Physical activity plays an important role in our overall physical and mental well being and increases quality of life. Ensure you take part in activities that are of recreational interest as opposed to regimented exercise so you are having fun while taking part!

Remaining physical activity plays a key role in:

  • Reducing the risk and fear of falls
  • Contributing to reduction of disability
  • Improving flexibility, balance and range of motion
  • Increasing levels of independence
  • Preventing social isolation

*All stretches and physical activity programs should be consulted with a Doctor before beginning*

Breathing Stretches

Proper breathing stretches are essential for pain management, reducing stress and anxiety. Try these stretches every morning and before bed to help start and end your day.

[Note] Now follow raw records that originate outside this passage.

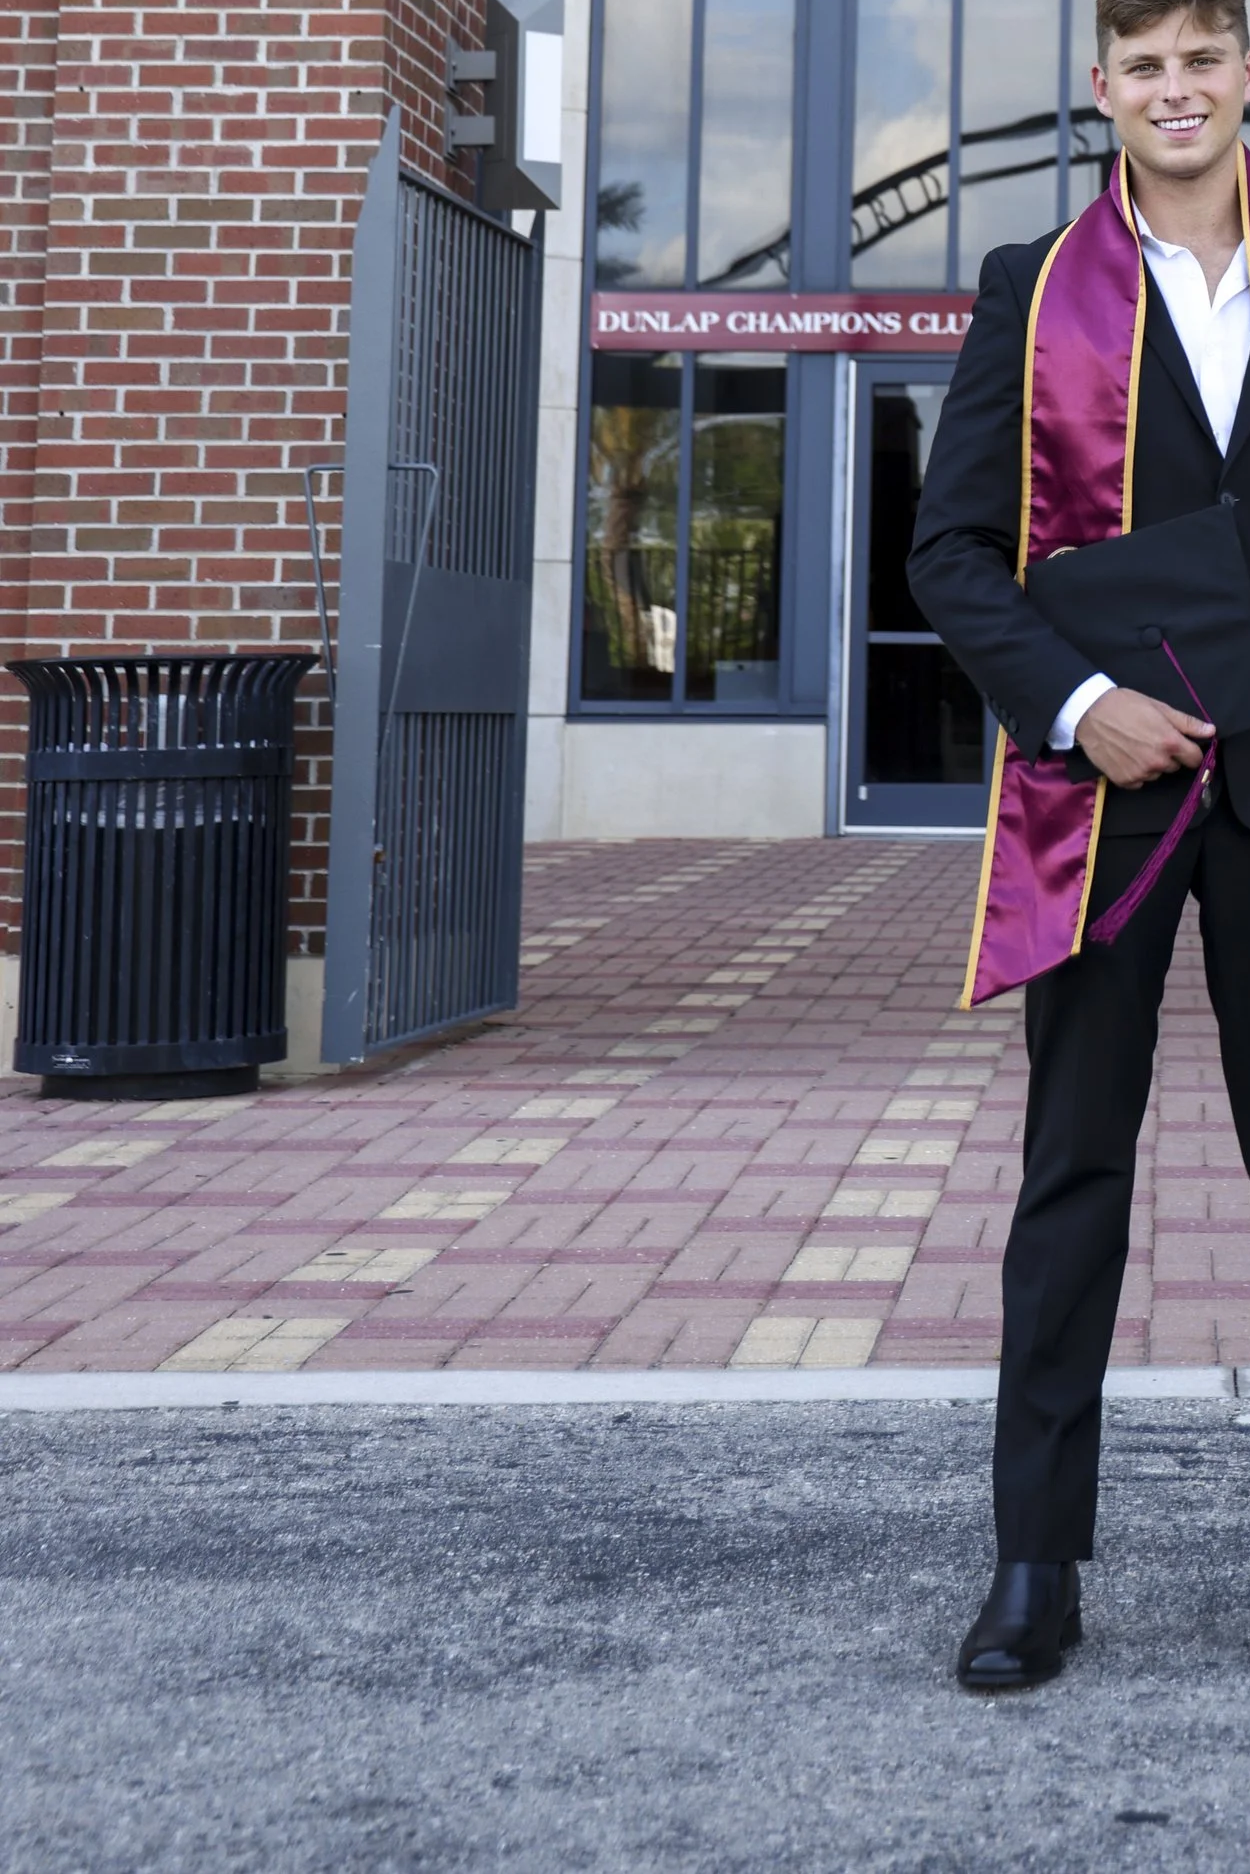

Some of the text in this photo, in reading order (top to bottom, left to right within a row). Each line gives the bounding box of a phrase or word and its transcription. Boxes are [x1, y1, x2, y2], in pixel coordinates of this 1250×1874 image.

[599, 310, 973, 336] DUNLAP CHAMPIONS CLU
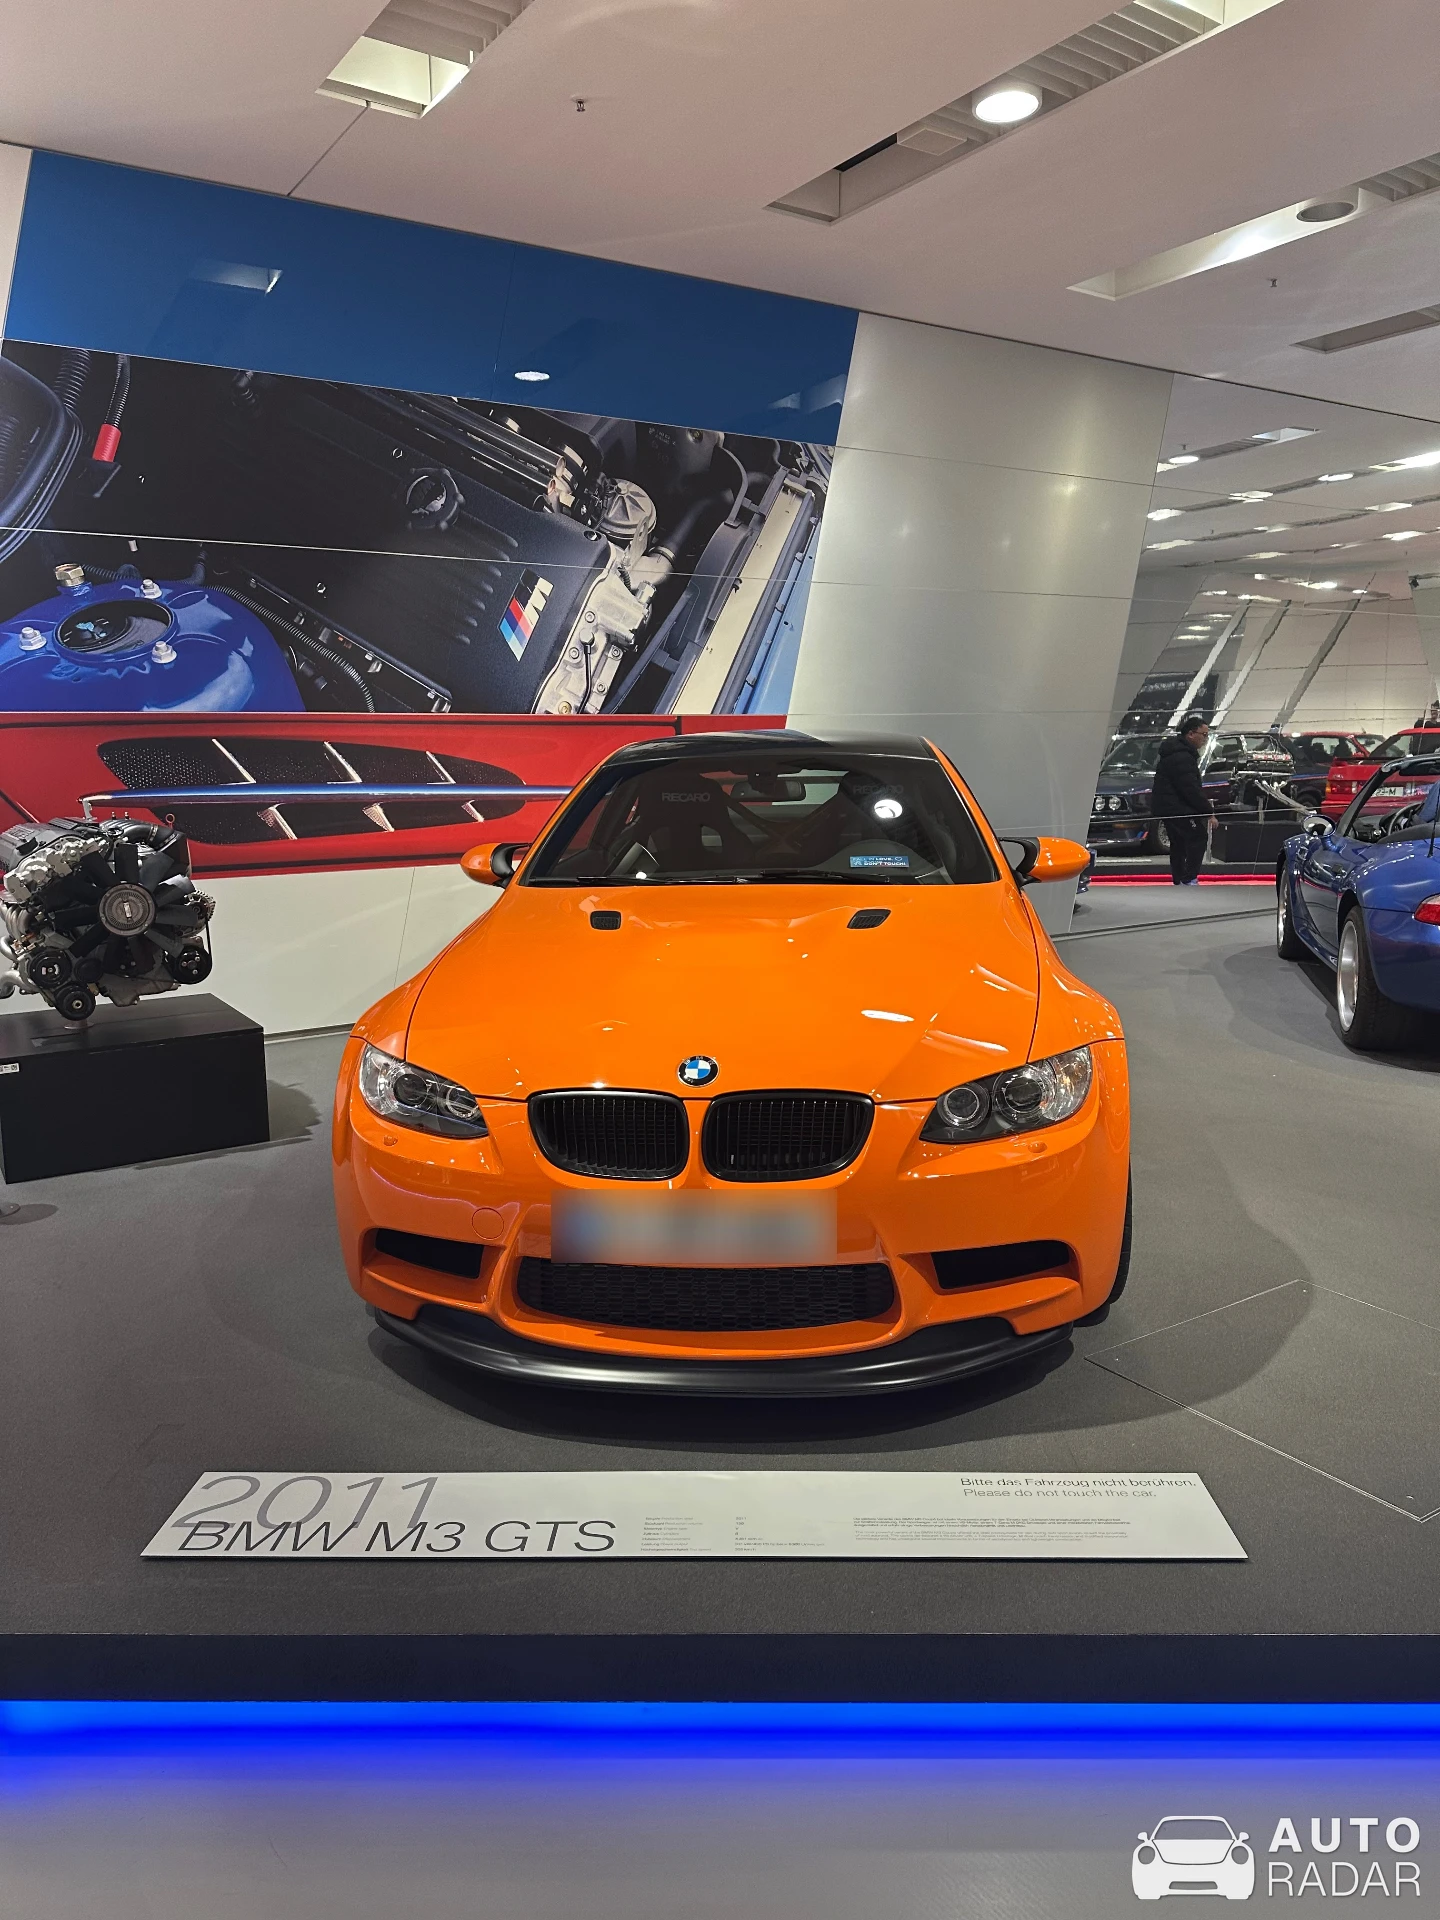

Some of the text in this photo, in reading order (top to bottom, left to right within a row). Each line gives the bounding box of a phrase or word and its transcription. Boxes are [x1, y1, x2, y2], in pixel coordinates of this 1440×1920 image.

[661, 792, 711, 802] RECARO
[960, 1478, 1197, 1488] Bitte das Fahrzeug nicht berühren.
[963, 1488, 1011, 1497] Please
[1014, 1488, 1033, 1497] do
[1036, 1489, 1059, 1497] not
[1062, 1489, 1103, 1497] touch
[1105, 1489, 1129, 1497] the
[171, 1475, 438, 1530] 2011
[178, 1520, 616, 1553] BMW M3 GTS

Things to note: does your breathing fill you from front to back, side to side, top to bottom?

  1. Touch your shoulders and lift your elbows at shoulder height, sit up tall and slowly- inhale and exhale
  2. Elbows into your waist and lift your hands so your palms are facing outwards and up towards the ceiling and slowly- inhale and exhale

Cross Crawl

Opposite arms and legs together (ie: walking) helps us concentrate better, coordination, focus and energy.

  1. Lift your left arm (straight and extended) to shoulder height at the same time lifting right leg (straight and extended).
  2. Lift your right arm (straight and extended) to shoulder height at the same time lifting left leg (straight and extended).